One such measure that misses the mark like a poor marksman trying to hit the broad side of a Georgia barn is a bill introduced late last month by U.S. Rep. Andrew Clyde, ostensibly to further burnish Second Amendment gun rights.

HR 8167 would repeal a federal tax on firearm and ammunition sales that pays for important conservation efforts. The legislation would substitute “unallocated” money from energy leases to pay for this work.

An opinion piece on the website of Field & Stream magazine, which no one can reasonably accuse of being an enemy of the shooting sports, characterized things this way: “For 85 years, the Federal Aid in Wildlife Restoration Act, also known as the Pittman-Robertson Act, has raised billions of dollars for wildlife research and habitat acquisition. The bill, which is funded by a 10 to 11 percent excise tax on hunting and fishing gear, including firearms, is arguably the most important source of conservation funding in the United States.”

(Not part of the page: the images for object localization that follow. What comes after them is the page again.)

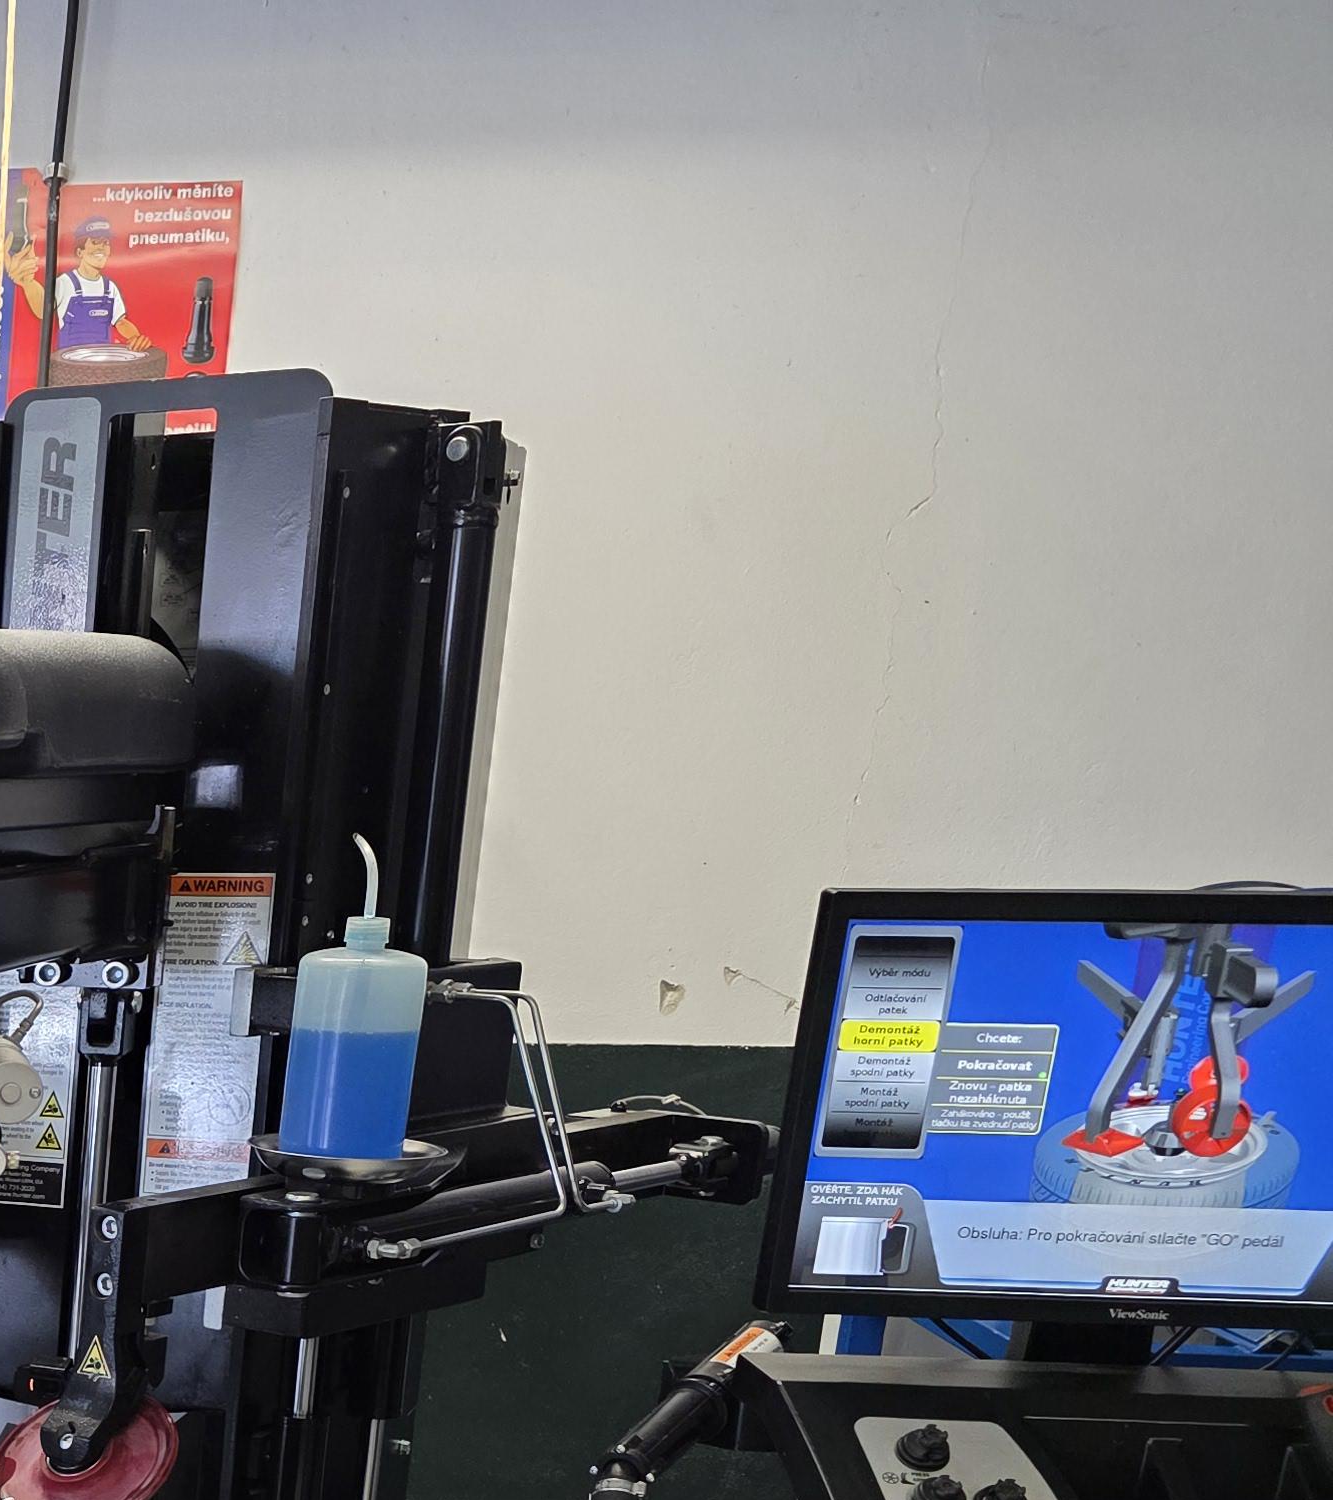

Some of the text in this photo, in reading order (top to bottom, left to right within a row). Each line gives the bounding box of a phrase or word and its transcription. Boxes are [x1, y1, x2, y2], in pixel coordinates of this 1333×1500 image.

[176, 183, 234, 200] měníte
[134, 207, 232, 223] bezdušovou
[129, 229, 230, 248] pneumatiku,
[194, 880, 264, 893] WARNING
[869, 967, 932, 979] Výběr módu
[864, 993, 928, 1003] Odtlačování
[878, 1006, 908, 1017] patek
[859, 1025, 921, 1035] Demontáž
[1164, 974, 1202, 1082] HUNTE
[853, 1036, 924, 1048] horní patky
[976, 1032, 1023, 1043] Chcete:
[858, 1056, 911, 1065] Demontáž
[957, 1060, 1033, 1071] Pokračovat
[849, 1067, 915, 1077] spodní patky
[860, 1087, 900, 1096] Montáž
[948, 1080, 988, 1091] Znovu
[998, 1082, 1033, 1093] patka
[844, 1098, 910, 1110] spodní patky
[856, 1186, 879, 1195] ZDA
[881, 1185, 903, 1196] HÁK
[811, 1195, 898, 1206] ZACHYTIL PATKU
[957, 1225, 1024, 1241] Obsluha:
[1027, 1228, 1052, 1241] Pro
[1055, 1230, 1146, 1245] pokračování
[1148, 1232, 1197, 1246] stlačte
[1241, 1235, 1285, 1249] pedál
[1109, 1278, 1171, 1290] HUNTER
[1109, 1308, 1170, 1320] ViewSonic

The venerable law seems a reasonable way for hunters and shooters to help pay for preserving the places they frequent as part of their pastime.

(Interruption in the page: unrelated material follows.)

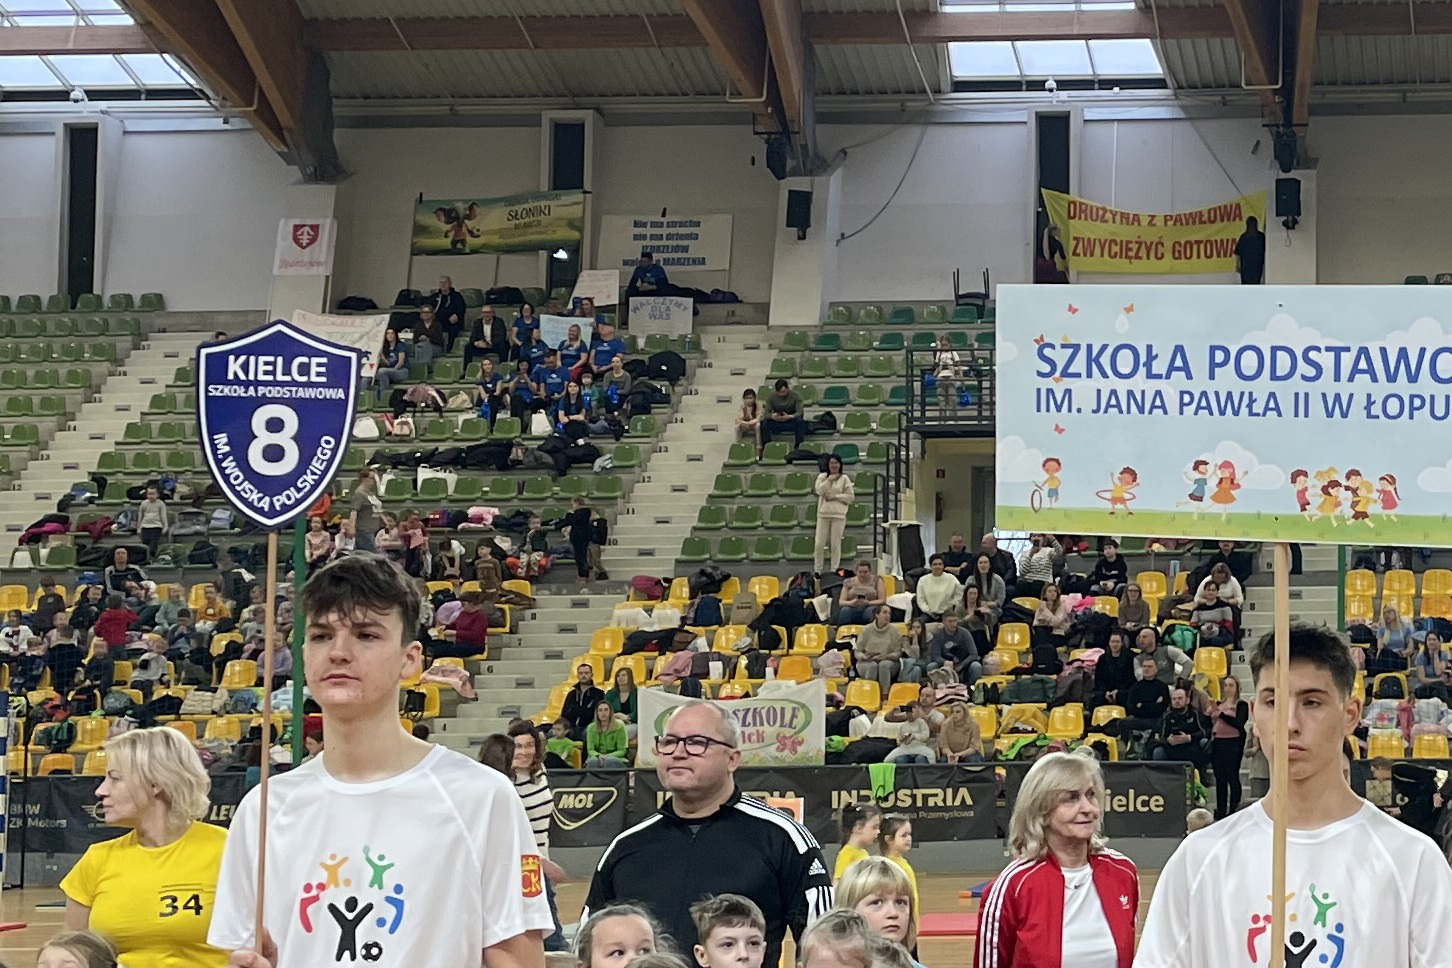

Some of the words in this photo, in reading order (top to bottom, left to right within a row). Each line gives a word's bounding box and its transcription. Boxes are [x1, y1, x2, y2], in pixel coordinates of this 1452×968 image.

One would think that Rep. Clyde, whose Athens gun shop bears his name, would understand the logic and appropriateness of this funding stream.

It doesn’t seem that way. Or maybe the allure of gaining easy political points trumped that.

His comments suggest the latter. Clyde said in a press release that, “As assaults against Americans’ Second Amendment freedoms continue to emerge, so do treacherous threats that seek to weaponize taxation in order to price this constitutional right out of the reach of average Americans. I firmly believe that no American should be taxed on their enumerated rights, which is why I intend to stop the Left’s tyranny in its tracks… .”

Anyone who’s ever paid a price for exercising their rights to free speech or a day in court could likely inform Rep. Clyde that constitutional rights don’t always come free of charge.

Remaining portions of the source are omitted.